In just the past few weeks, the Model Context Protocol (MCP) has rapidly grown into the de-facto standard for integrating third-party data and tools with LLM-powered chats and agents. While the internet is full of some very cool things you can do with it, there are also a lot of nuanced vulnerabilities and limitations.
In this post and as an MCP-fan, I’ll enumerate some of these issues and some important considerations for the future of the standard, developers, and users. Some of these may not even be completely MCP-specific but I’ll focus on it, since it’s how many people will first encounter these problems
There are a bajillion other more SEO-optimized blogs answering this question but in case it’s useful, here’s my go at it: MCP allows third-party tools and data sources to build plugins that you can add to your assistants (i.e. Claude, ChatGPT, Cursor, etc). These assistants (nice UIs built on text-based large language models) operate on “tools” for performing non-text actions. MCP allows a user to bring-your-own-tools (BYOT, if you will) to plug in.
As a clear standard, it lets assistant companies focus on building better products and interfaces while letting these third-party tools build into the assistant-agnostic protocol on their own.

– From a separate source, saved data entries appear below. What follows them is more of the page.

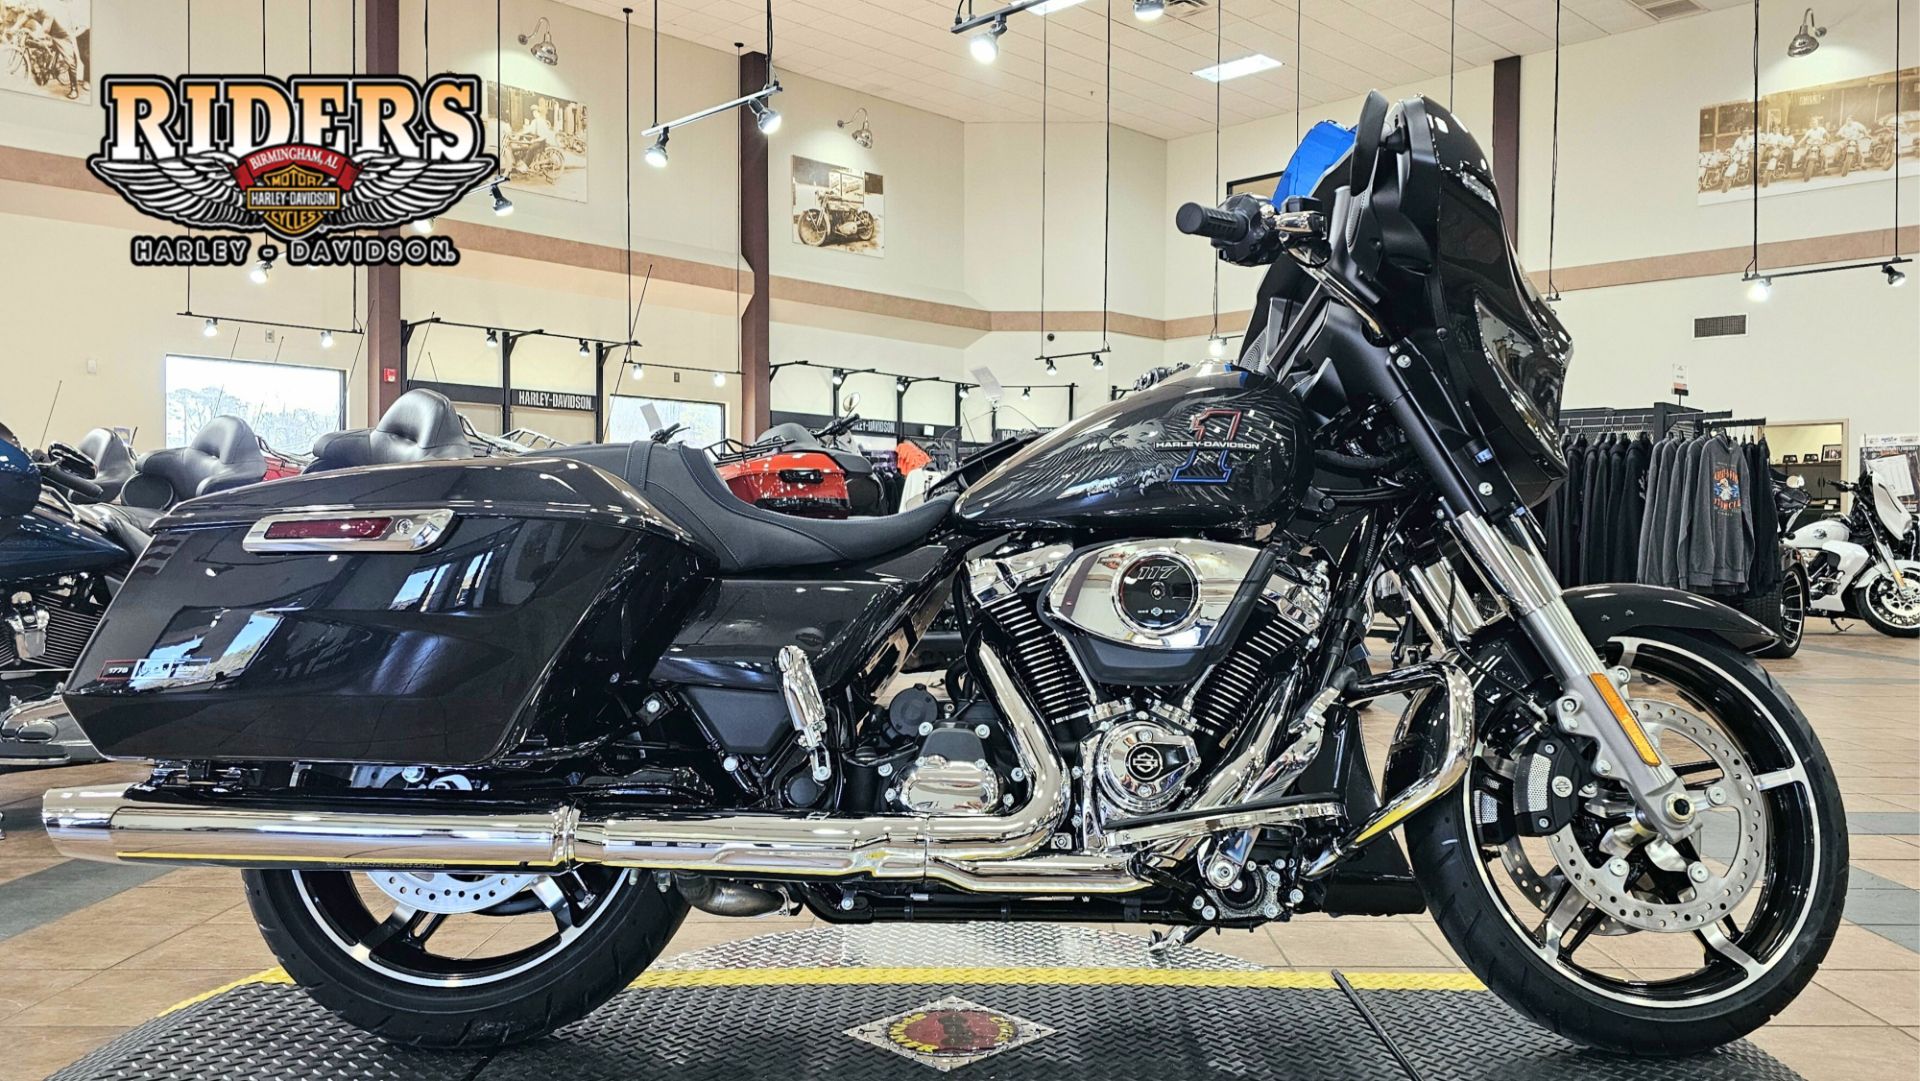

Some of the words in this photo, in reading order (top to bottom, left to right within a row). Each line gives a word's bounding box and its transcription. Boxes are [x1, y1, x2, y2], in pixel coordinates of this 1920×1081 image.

[518, 390, 593, 410] HARLEY-DAVIDSON
[1155, 440, 1260, 450] HARLEY-DAVIDSON
[1137, 565, 1179, 580] 117
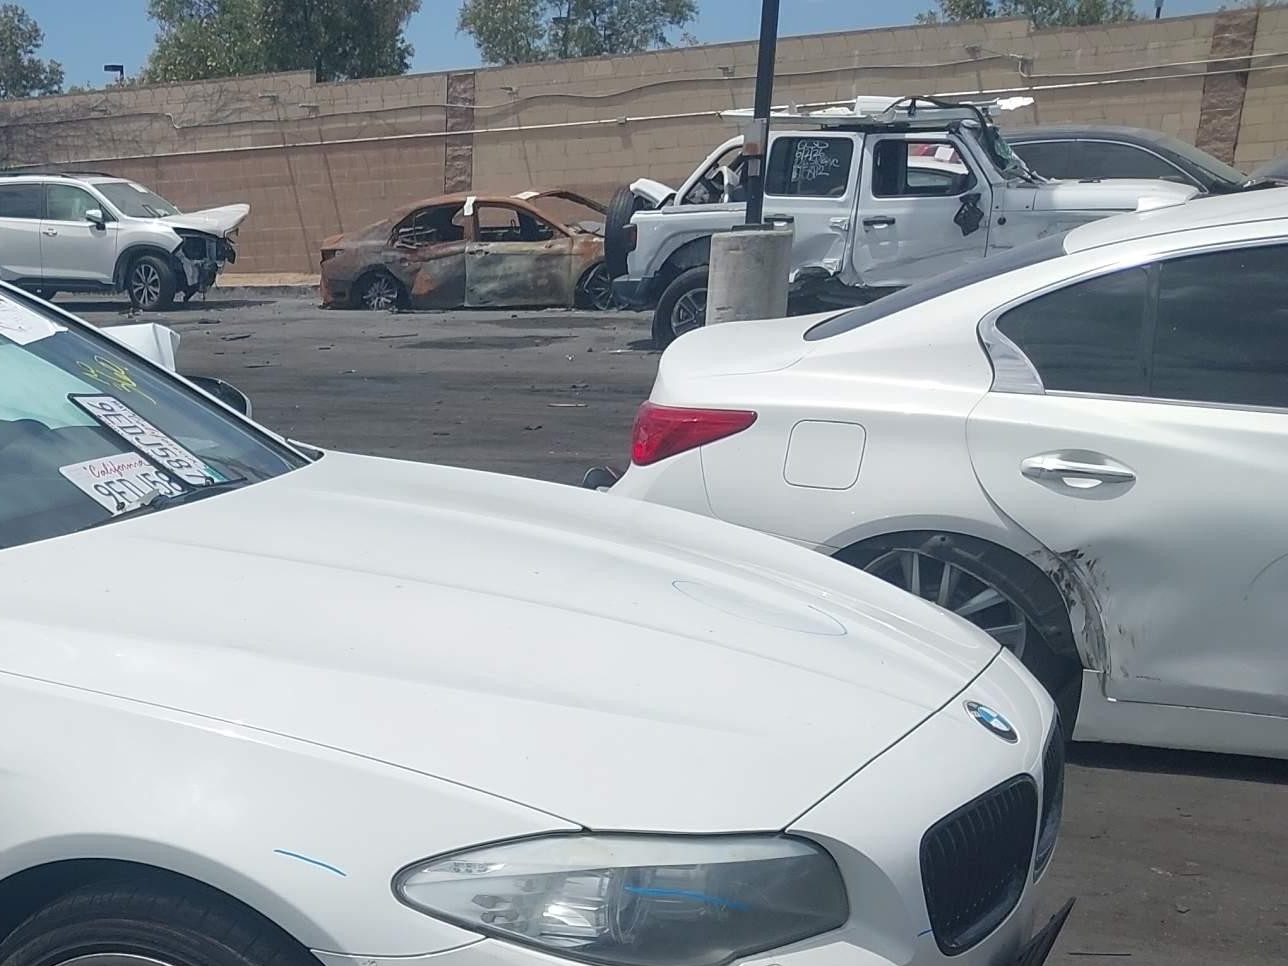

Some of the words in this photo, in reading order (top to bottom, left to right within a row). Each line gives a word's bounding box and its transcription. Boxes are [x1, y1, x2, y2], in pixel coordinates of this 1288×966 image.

[87, 402, 209, 479] 9EDJ587
[88, 459, 151, 478] California
[94, 470, 183, 504] 9EDJ58
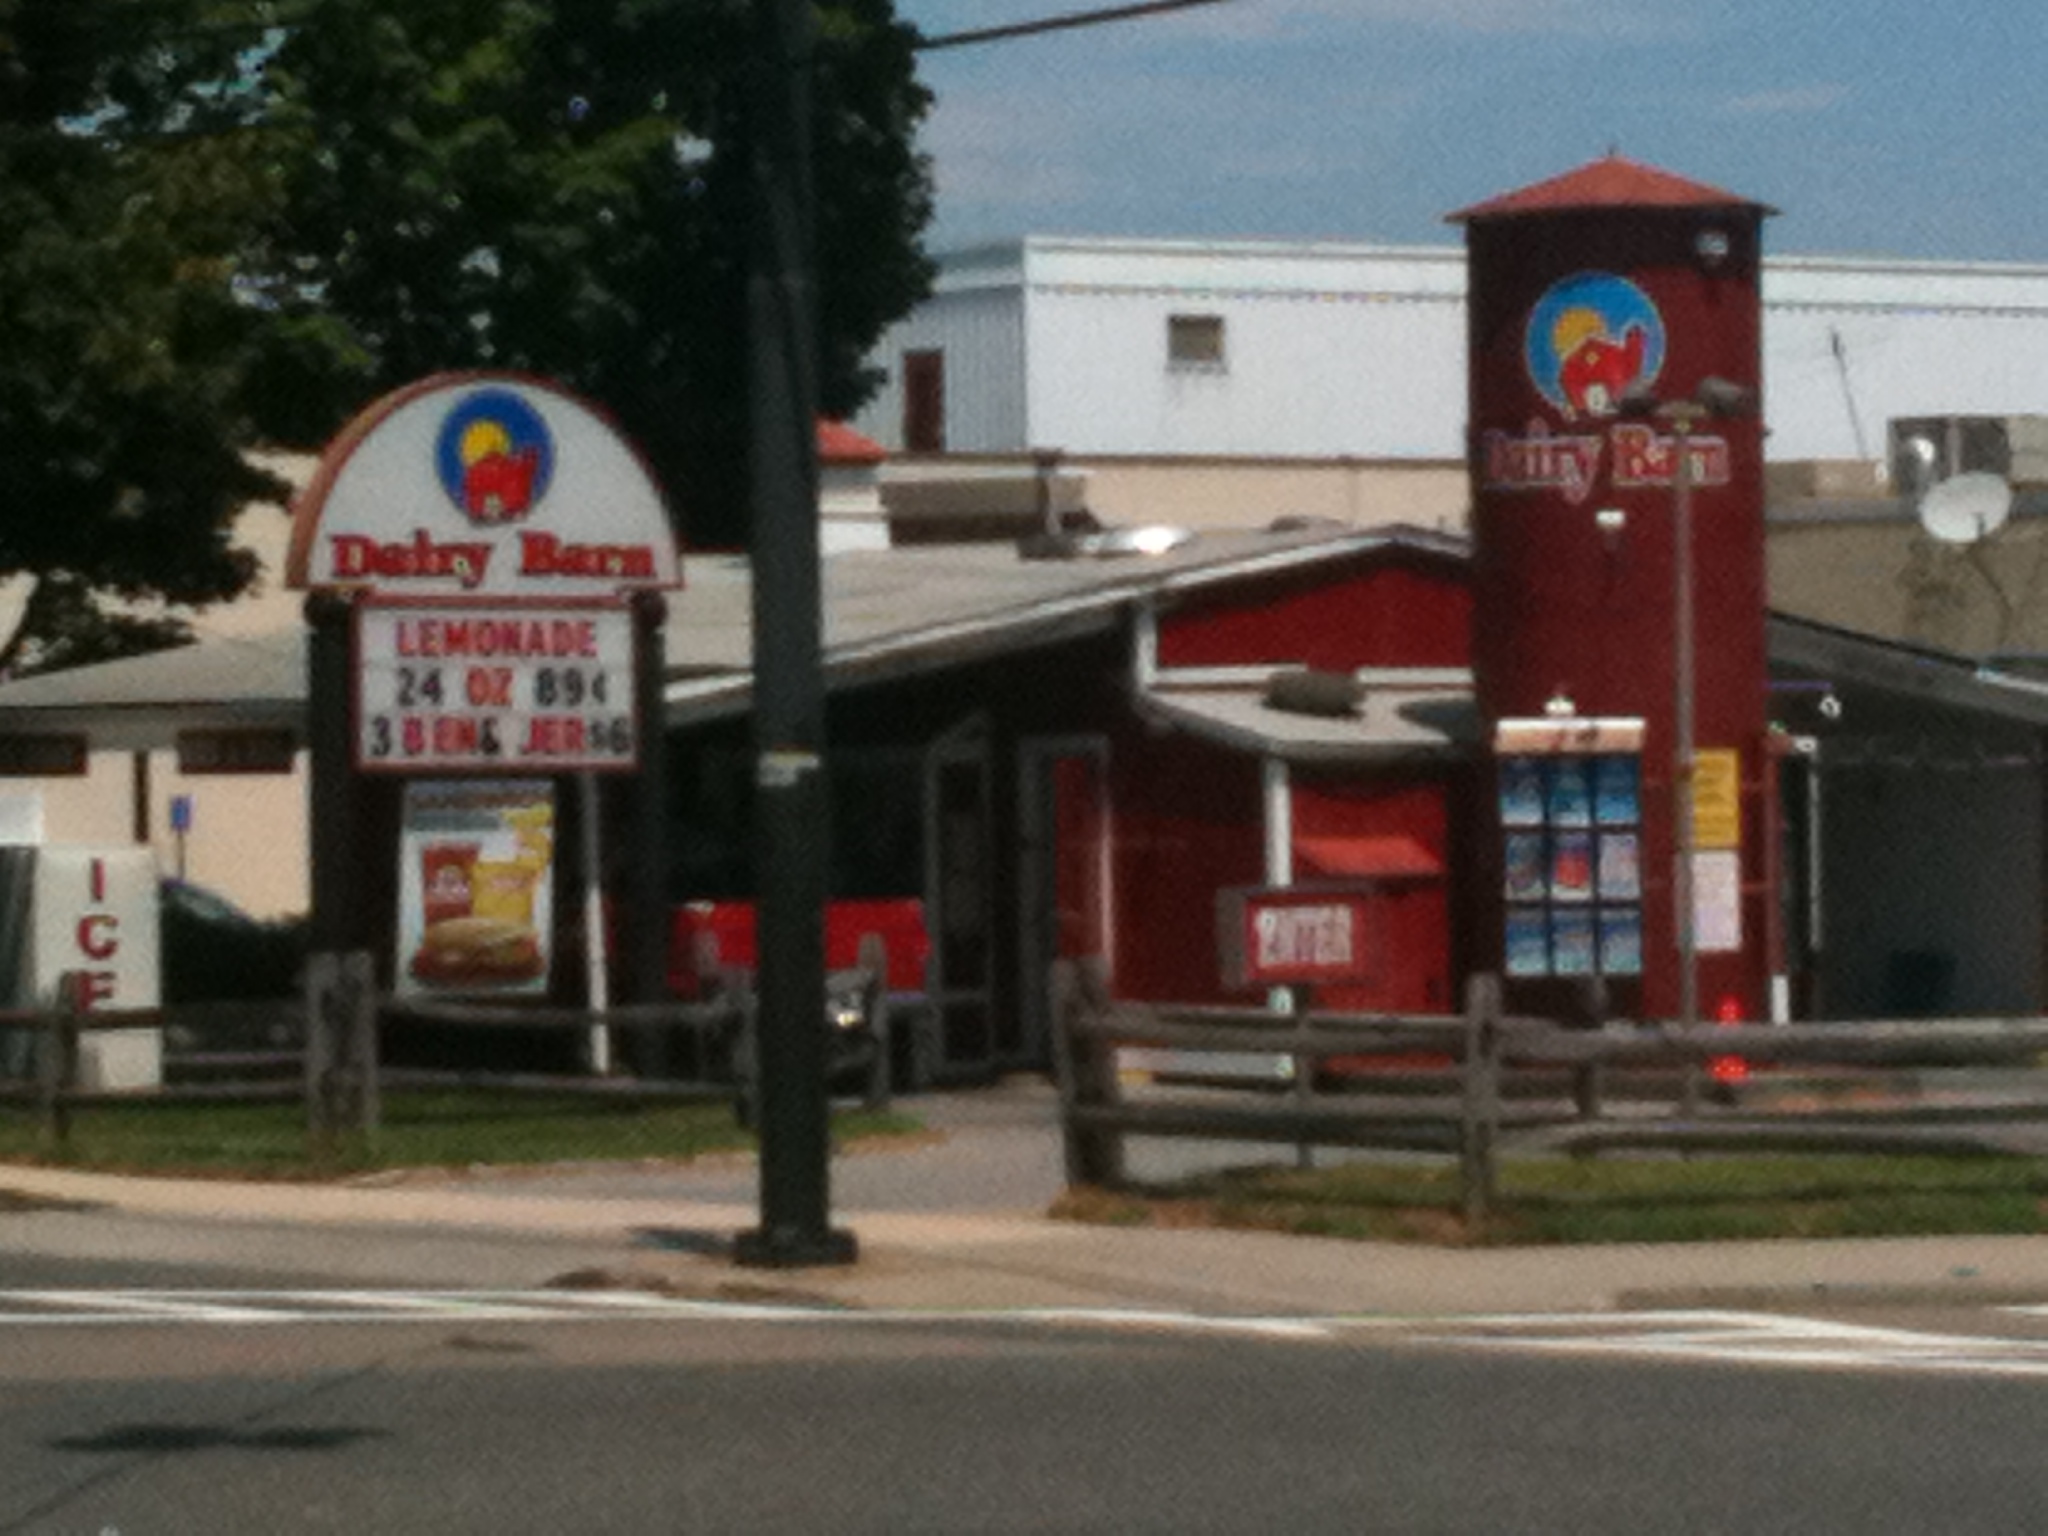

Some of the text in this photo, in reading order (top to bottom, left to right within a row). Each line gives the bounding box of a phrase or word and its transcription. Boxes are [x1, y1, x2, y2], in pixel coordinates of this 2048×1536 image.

[332, 528, 657, 588] Dairy Barn
[397, 620, 598, 658] LEMONADE
[399, 668, 443, 706] 24
[466, 667, 514, 707] OZ
[371, 715, 391, 757] 3

For the assistants I use and the data I have, the core usefulness of MCP is this streamlined ability to provide context (rather than copy-paste, it can search and fetch private context as it needs to) and agent-autonomy (it can function more end-to-end, don’t just write my LinkedIn post but actually go and post it). Specifically in Cursor, I use MCP to provide more debugging autonomy beyond what the IDE provides out of the box (i.e. screenshot_url, get_browser_logs, get_job_logs).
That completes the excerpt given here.